The defendant excepted.
Judgment for the plaintiffs. Appeal by defendant. Whatever effect the nonproduction of the bond may have upon the character of the judgment which should be rendered (and of this we will speak hereafter), there was clearly enough in evidence to warrant the charge of the court and the verdict of the jury.
No exception was made to the admission of the mortgage alone, and no special instructions were asked in reference to the absence of the bond. So, in passing upon the exception as to the exclusion of the parol testimony offered by the defendant, we must assume that such a bond was signed, sealed and delivered by the defendant to the plaintiff's testator.
The answer denies the execution of the bond and mortgage, and (459) sets up no equitable defense whatever; we must, therefore, determine the question in its legal aspects alone.

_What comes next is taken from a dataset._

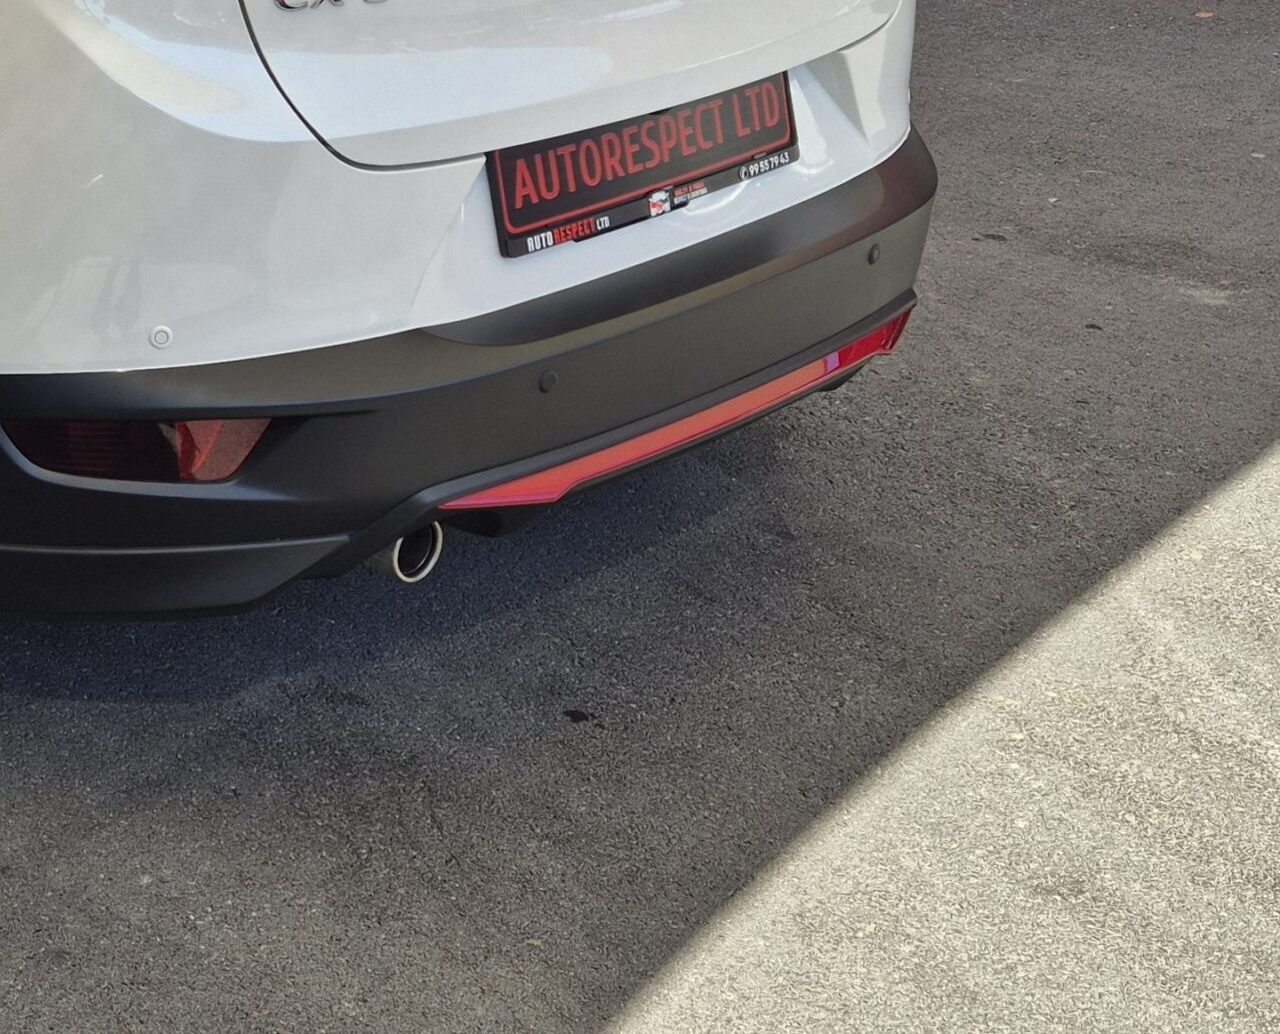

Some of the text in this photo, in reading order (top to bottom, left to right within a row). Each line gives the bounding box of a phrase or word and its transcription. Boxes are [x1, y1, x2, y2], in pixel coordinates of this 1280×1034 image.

There is, we fear, too great a tendency to relax the well settled rules of evidence against the admissibility of parol testimony, to contradict, vary or add to, the terms of a written contract, and it is thought that the courts, in their anxiety to avoid probable injustice in particular cases, are gradually construing away a principle which has always been considered one of the greatest barriers against fraud and perjury.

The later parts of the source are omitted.